Democrat Sarah McBride won the race for the Senate in Delaware in Tuesday’s general election, making her the first transgender person to hold office in the state’s upper chamber.
While there are a handful of other transgender legislators around the country, she is the first transgender person to hold the office of state senator.
She joins several LGBTQ+ “firsts” elected on Tuesday, with the first Native American transgender person elected to office, and the first out non-binary person elected to state legislature.
Following her win, Ms McBride said on Twitter: “To anyone who worries that their truth and their dreams are mutually exclusive, know that change is possible. Know that your voice matters. Know that you can do this, too.
“I hope tonight shows an LGBTQ kid that our democracy is big enough for them, too.”
In Kansas, retired teacher Stephanie Byers has won her race for the state house of representatives.

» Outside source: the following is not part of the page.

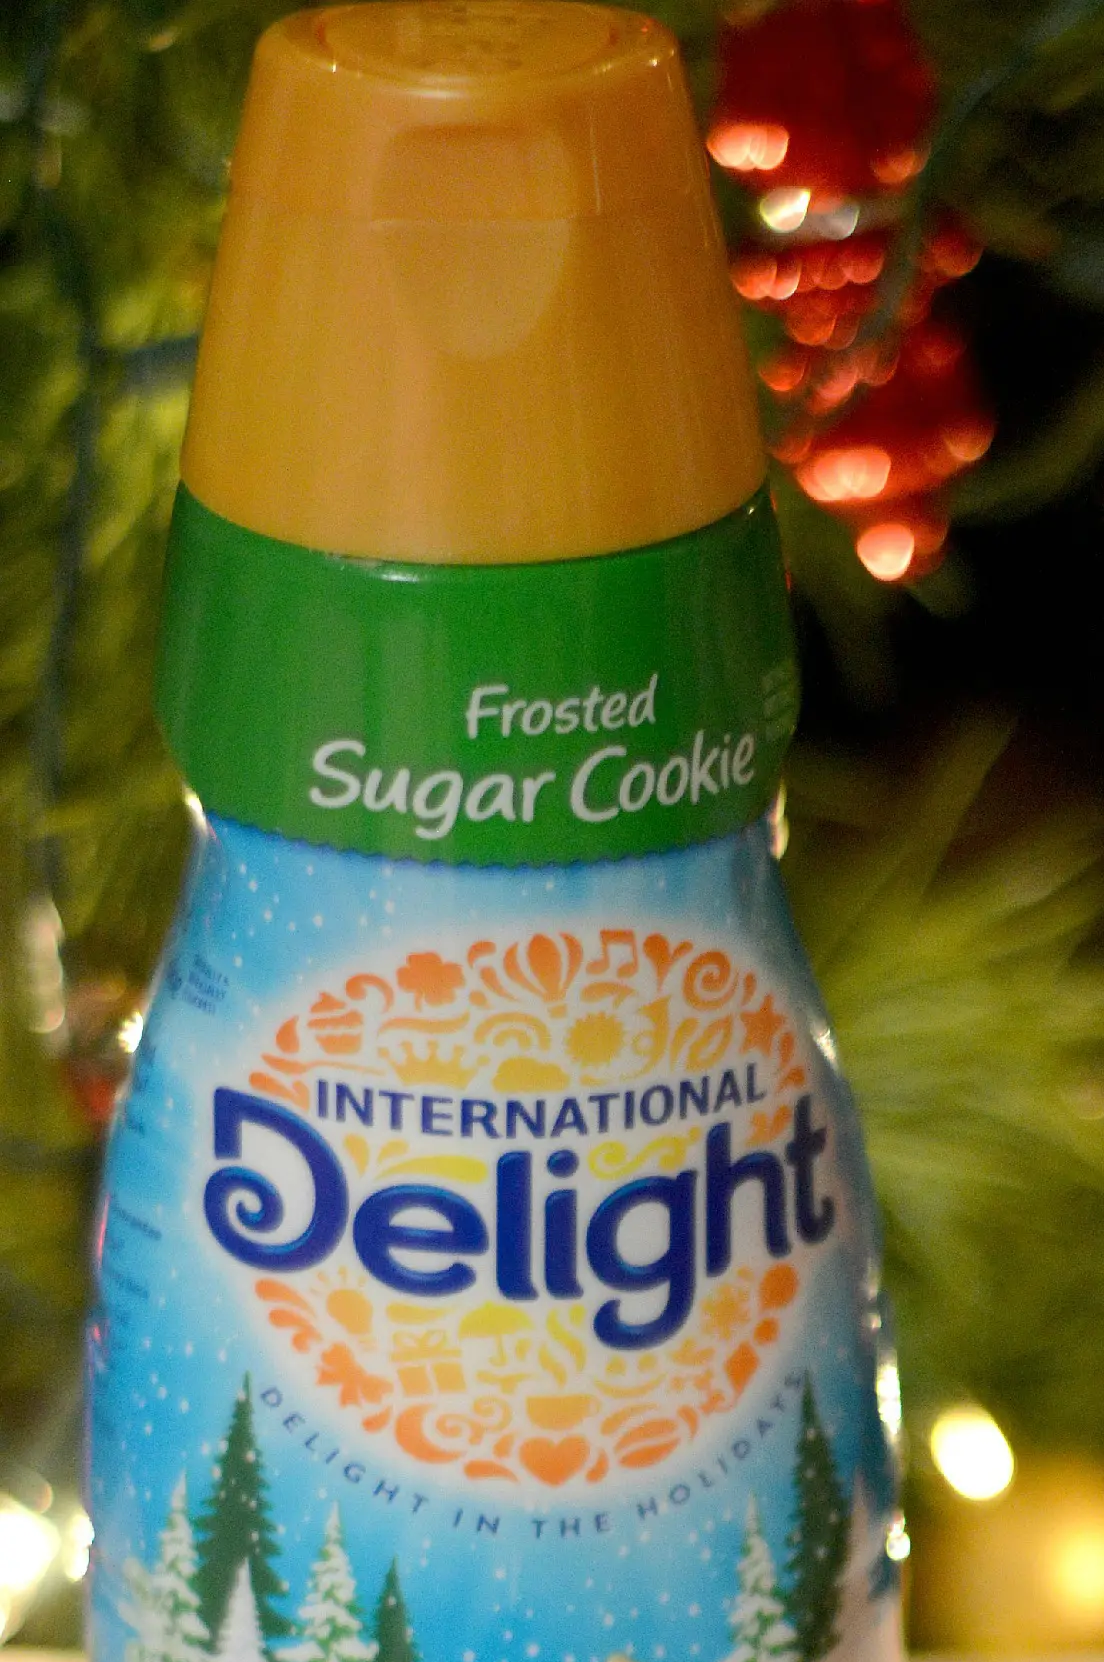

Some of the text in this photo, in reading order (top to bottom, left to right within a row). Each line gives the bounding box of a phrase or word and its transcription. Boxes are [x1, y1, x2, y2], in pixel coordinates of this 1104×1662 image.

Mrs Byers, a member of the Chickasaw Nation, is believed to be the first Native American transgender person elected to office across the nation.
Mauree Turner also broke a US record, becoming the first out non-binary person elected to a state legislature anywhere in the US, winning their race to the Oklahoma state House.
In winning their race, Mx Turner also became the first Muslim to serve in Oklahoma’s state legislature.
Elsewhere, the first two openly gay black men were elected to the US Congress, both in New York.
Ritchie Torres became the first openly gay Afro-Latino member of Congress after winning his seat in the South Bronx, while Mondaire Jones won his race for a seat spanning Westchester and Rockland County.
Mr Jones also won the vote of 2016 presidential candidate Hillary Clinton, who said she “of course” voted for him in Tuesday’s poll.
LGBT Victory Fund, an organisation working to recruit, train and elect LGBTQ+ public officials, claimed the election could see the number of transgender state legislators double.
“Tonight we elected our first trans state senator, our first non-binary state legislator, and we are still on track to double the number of trans state legislators nationwide,” the organisation said on Twitter.
“We also have elected state legislative candidates of colour to states and chambers where we never have before.”
With a record number of postal ballots filed, it is expected that conclusive election results will be delayed by a number of days.